• **Source material**
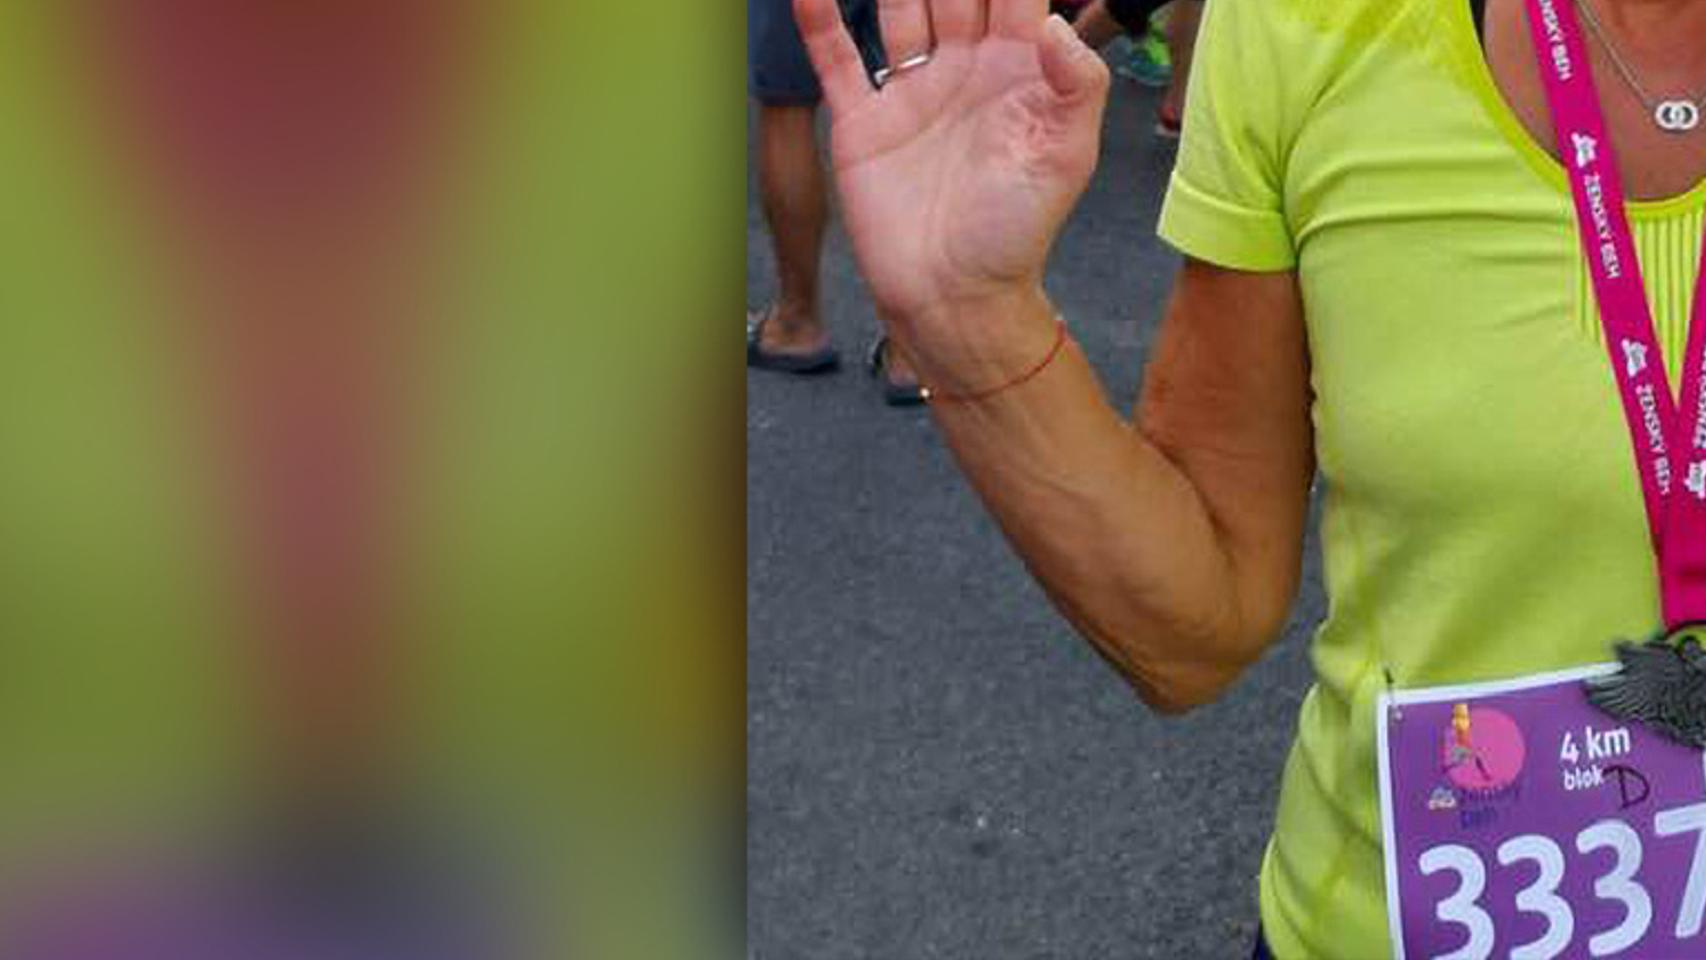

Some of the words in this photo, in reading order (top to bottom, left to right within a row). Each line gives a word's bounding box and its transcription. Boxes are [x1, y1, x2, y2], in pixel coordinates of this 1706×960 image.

[1560, 732, 1580, 764] 4
[1585, 725, 1631, 760] km
[1563, 764, 1604, 791] blok
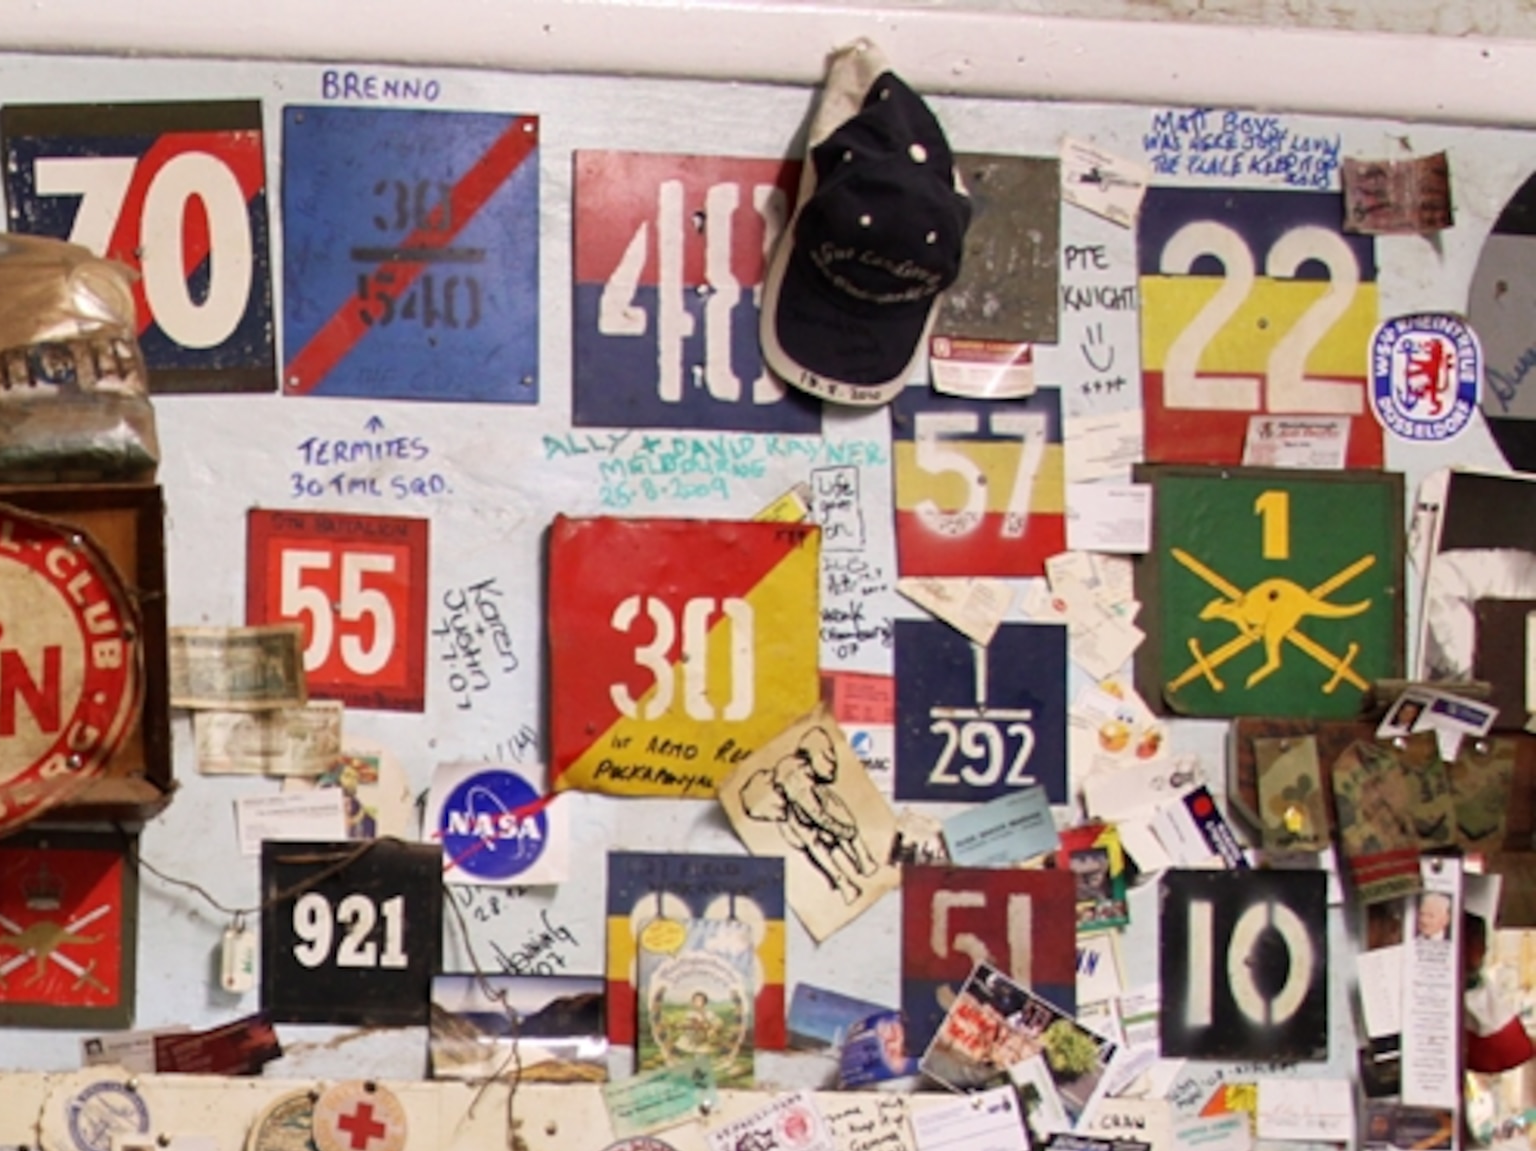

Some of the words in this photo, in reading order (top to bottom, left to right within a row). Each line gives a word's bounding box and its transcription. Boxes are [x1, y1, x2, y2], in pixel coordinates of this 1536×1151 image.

[321, 70, 441, 102] BRENNO
[33, 150, 253, 350] 70
[1064, 246, 1110, 271] PTE
[1062, 286, 1135, 312] KNIGHT
[1159, 219, 1363, 415] 22
[297, 435, 431, 466] TERMITES
[541, 428, 632, 460] ALLY
[671, 434, 756, 460] DAVID
[914, 411, 1047, 539] 57
[1254, 490, 1290, 560] 1
[280, 548, 396, 676] 55
[468, 576, 520, 674] Karen
[609, 594, 756, 722] 30
[928, 719, 1037, 787] 292
[447, 810, 541, 841] NASA
[292, 892, 409, 968] 921
[1185, 900, 1314, 1028] 10

• **Aim of the task**
Every entry above should be duplicated exactly. Do not include the images.

• **Answer area**
Some of the words in this photo, in reading order (top to bottom, left to right within a row). Each line gives a word's bounding box and its transcription. Boxes are [x1, y1, x2, y2], in pixel coordinates of this 1706×960 image.

[1560, 732, 1580, 764] 4
[1585, 725, 1631, 760] km
[1563, 764, 1604, 791] blok

Some of the words in this photo, in reading order (top to bottom, left to right within a row). Each line gives a word's bounding box and its transcription. Boxes are [x1, y1, x2, y2], in pixel coordinates of this 1536×1151 image.

[321, 70, 441, 102] BRENNO
[33, 150, 253, 350] 70
[1064, 246, 1110, 271] PTE
[1062, 286, 1135, 312] KNIGHT
[1159, 219, 1363, 415] 22
[297, 435, 431, 466] TERMITES
[541, 428, 632, 460] ALLY
[671, 434, 756, 460] DAVID
[914, 411, 1047, 539] 57
[1254, 490, 1290, 560] 1
[280, 548, 396, 676] 55
[468, 576, 520, 674] Karen
[609, 594, 756, 722] 30
[928, 719, 1037, 787] 292
[447, 810, 541, 841] NASA
[292, 892, 409, 968] 921
[1185, 900, 1314, 1028] 10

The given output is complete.